Some of the companies making the e-cigarette liquids, such as those sold by Bliss, contain nicotine not derived from tobacco.

“Our mixture contains vegetable glycerin, distilled water and nicotine from eggplants, tomatoes and potatoes,” he said. “98 percent of all the nicotine comes from tobacco, but ours doesn’t. Ours doesn’t contain alcohol as well.”

Bliss is in favor of some moderate regulation of his industry but is worried that current proposed regulations would favor Big Tobacco.

“The proposed regulations have been left really open-ended so they can come back and find problems later,” he said. “I want to inform people that not all e-cigs are the same, nor are the liquids. People get lured in by cheap prices and nine out of ten are garbage.”

A study from Drexel University recently determined that, relative to filtered cigarettes, e-cigarettess were more or less harmless. Secondhand inhalation was sparse to none from FDA-registered and -licensed devices and liquids.

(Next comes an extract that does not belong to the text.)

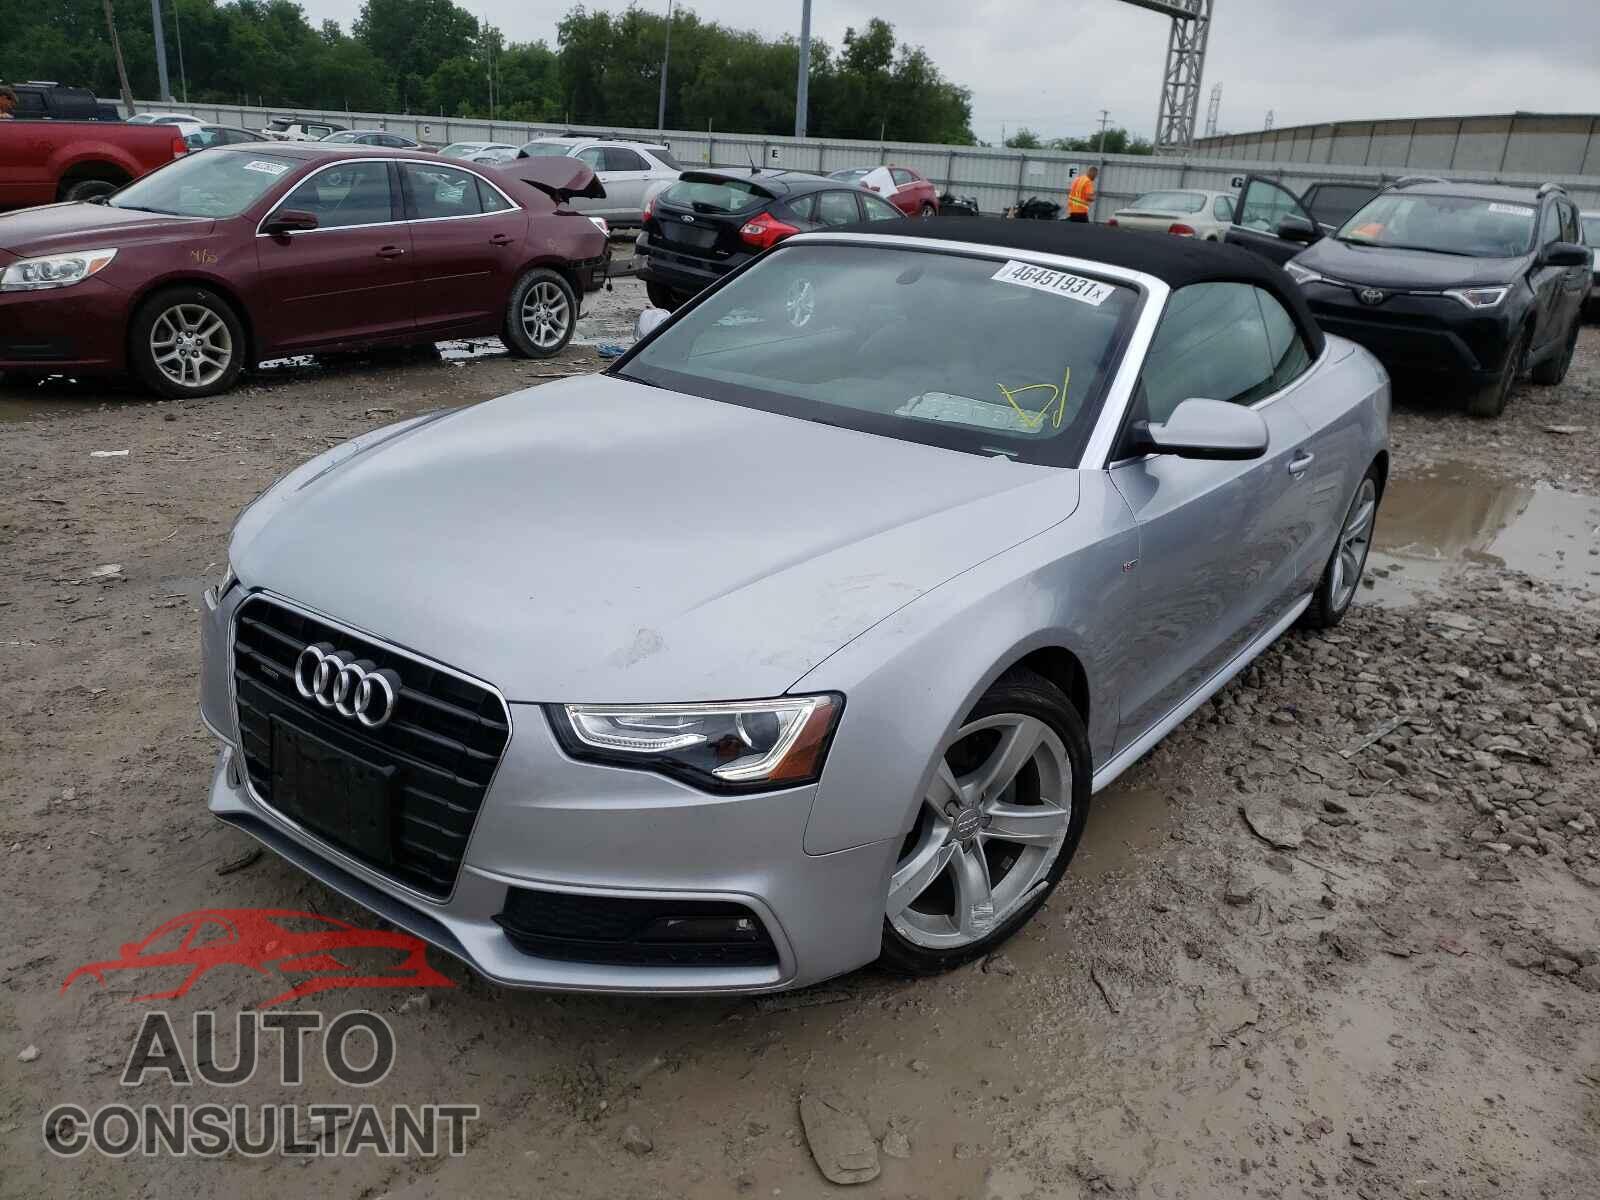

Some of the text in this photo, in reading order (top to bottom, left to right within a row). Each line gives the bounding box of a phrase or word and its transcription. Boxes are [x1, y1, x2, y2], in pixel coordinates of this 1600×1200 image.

[424, 126, 431, 134] C
[771, 149, 779, 159] E
[1068, 167, 1078, 178] F
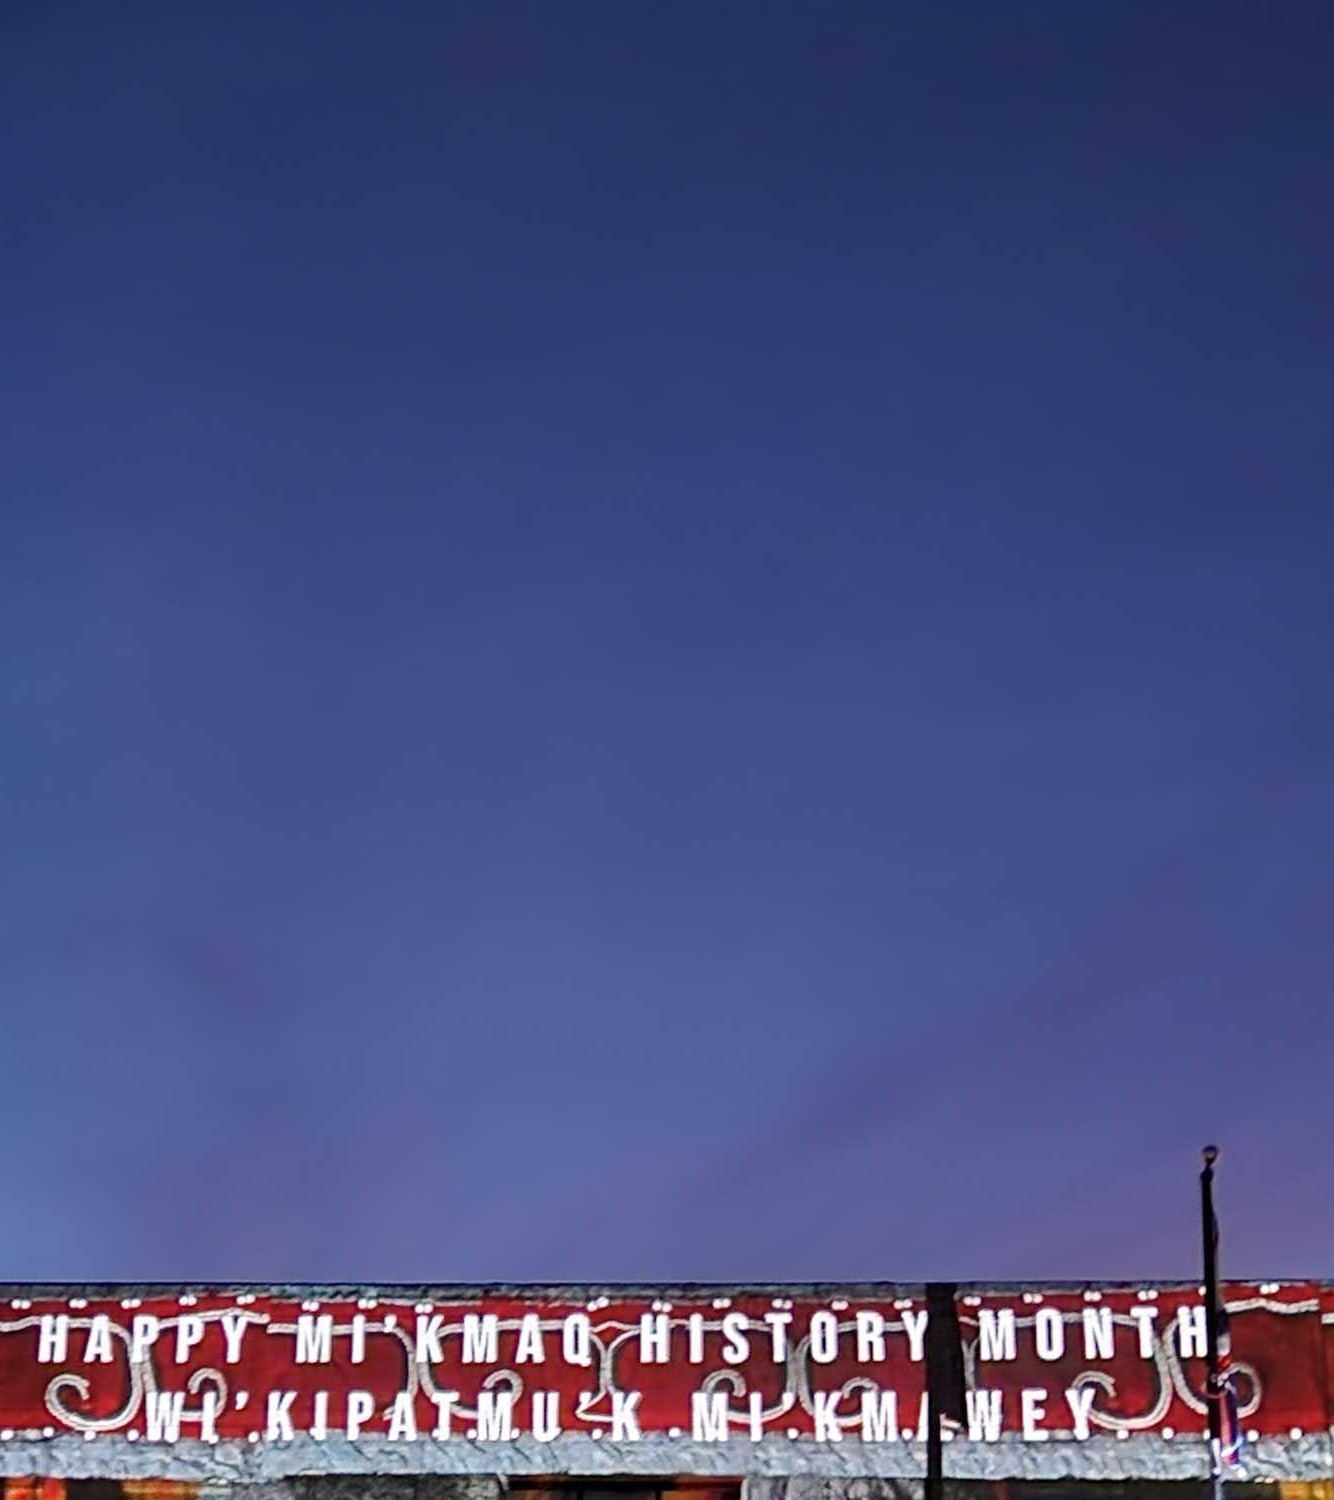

The Drexel study also concluded e-cigarettes might make a more effective cessation tool than nicotine patches or gum. In this regard, Diede and Bliss agree.

“In some of the devices the first and second puffs can contain different levels of nicotine,” Diede said. “But they may be a great cessation tool when they are regulated.”

Until further studies are done on the health and societal effects of electronic cigarettes, health officials and e-cig retailers have reached a sort of uneasy truce, with both trying to prevent sales to minors.